The Australian Taxation Office on Thursday released a report on its investigation into the computer system outages suffered over December to February.
While the main technical causes had already been revealed by ATO commissioner Chris Jordan at a budget estimates session last month, the full report showed that 77 component failure events “similar to those experienced during the December outage” were recorded in system logs from May 2016 before the first meltdown on December 11, 2016.
“In addition, at least 159 alerts were recorded in storage area network device monitoring and management logs,” the report stated.
The tax office wrote that technology supplier Hewlett Packard Enterprise took “some actions” in response to the events, but alerts continued to be raised by the 3PAR SAN system.
“We were not made fully aware of the significance of the continuing trend of alerts, nor the broader systems impacts that would result from the failure of the 3PAR SAN,” the report read.

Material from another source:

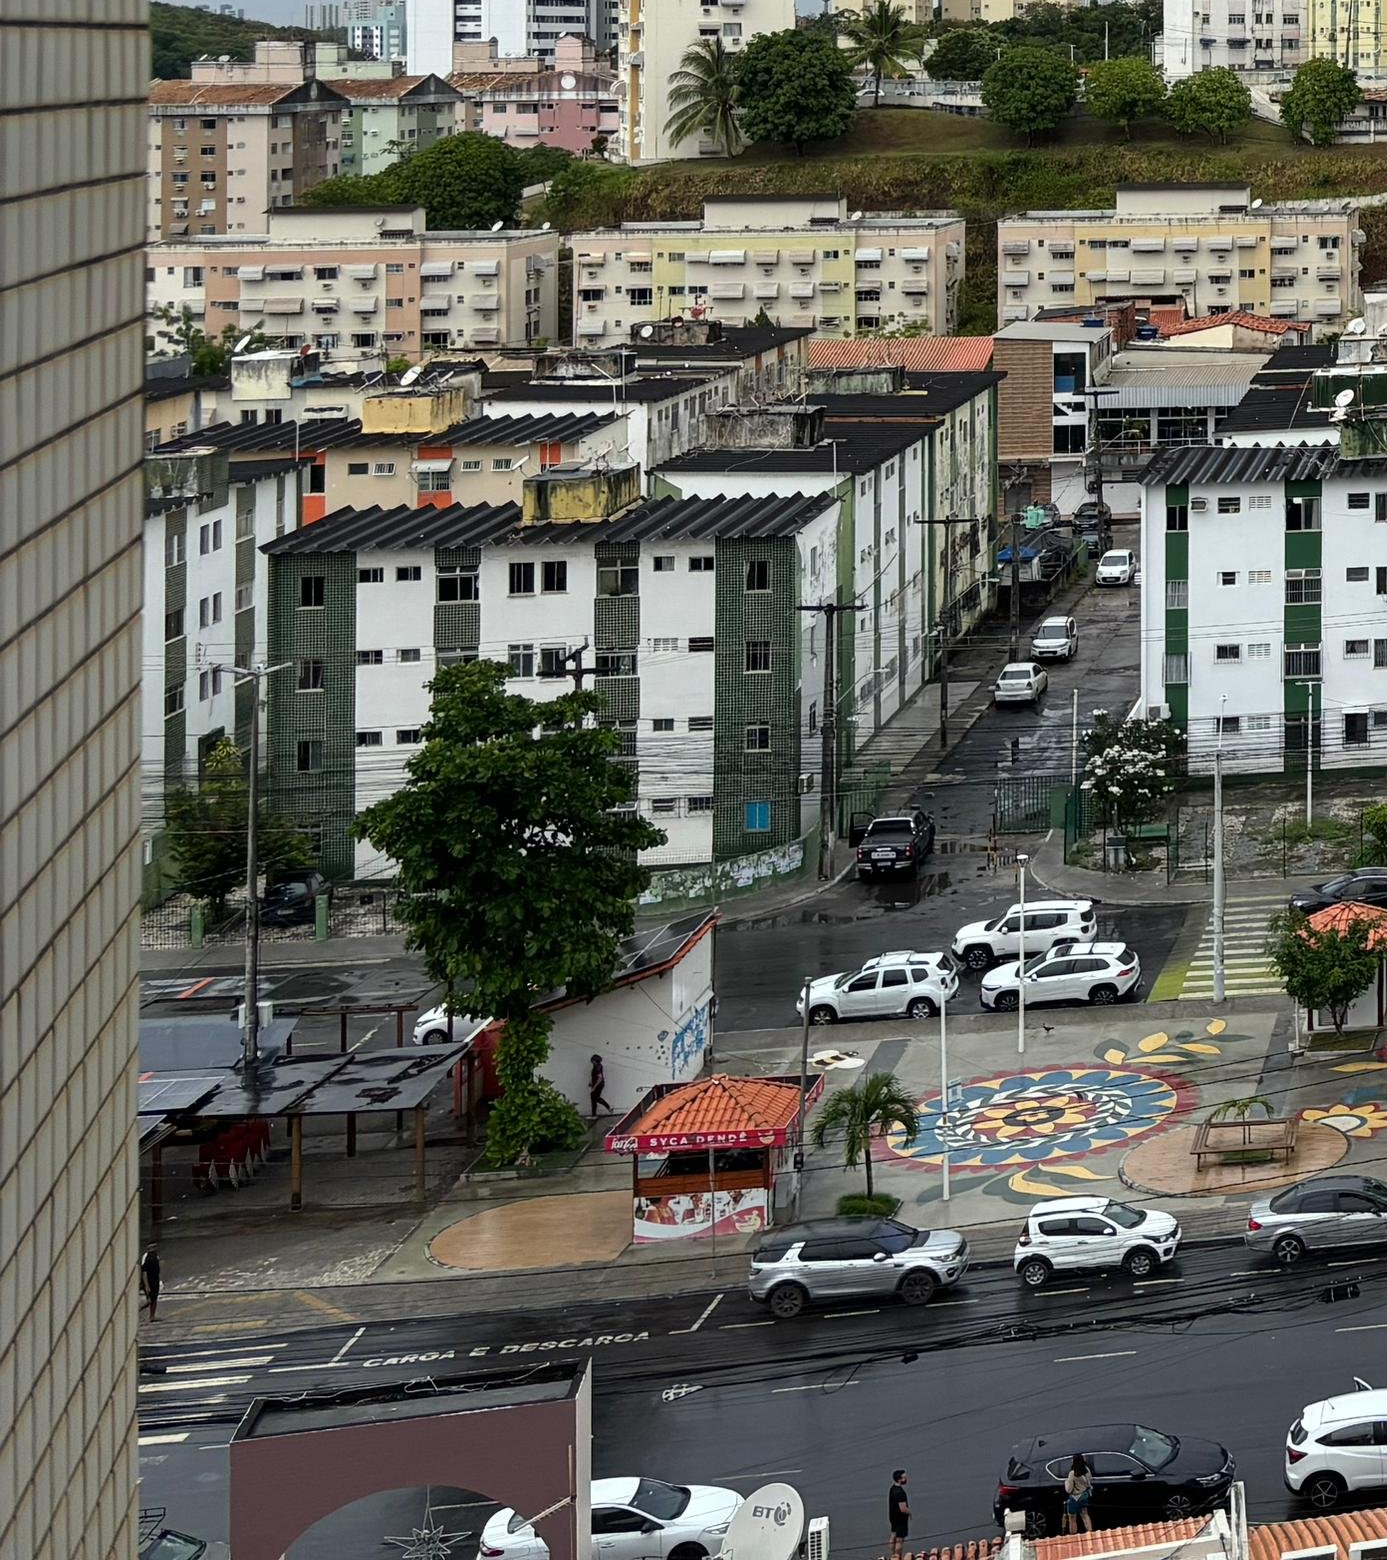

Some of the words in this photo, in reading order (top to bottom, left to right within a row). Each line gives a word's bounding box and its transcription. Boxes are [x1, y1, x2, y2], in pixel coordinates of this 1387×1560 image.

Astoundingly, the second major outage, on February 2 of this year, was caused by a component that became physically unplugged during remediation work for the December incident. And the nightmare started all over again.
“Unfortunately, during one cable replacement exercise, we were informed that data cards attached to the SAN had been dislodged. This caused the 3PAR SAN to act in a similar way to that noted during the December outage,” stated the report.
“This included unsuccessful steps to automatically remediate, followed by a system shut-down to preserve data integrity. HPE communicated this priority 1 incident to us immediately.”
Jordan revealed last month that HPE had paid an undisclosed amount of compensation to the tax office.
“The settlement recoups key costs incurred by the ATO, and provides additional and higher grade IT equipment giving the ATO a world-class storage network,” he said at the time.
The report reiterated Jordan’s statement last month that the storage system was configured for performance and economy rather than resilience. It was also noted that internal ATO tech staff didn’t have sufficient visibility into the HPE systems.
Despite the release of the report, the actual cause of the hardware failures is still unknown.
“This root cause examination cannot be completed until the SAN is physically removed and taken back [to the USA] for forensic testing. This process may not be completed until late 2017,” stated the ATO.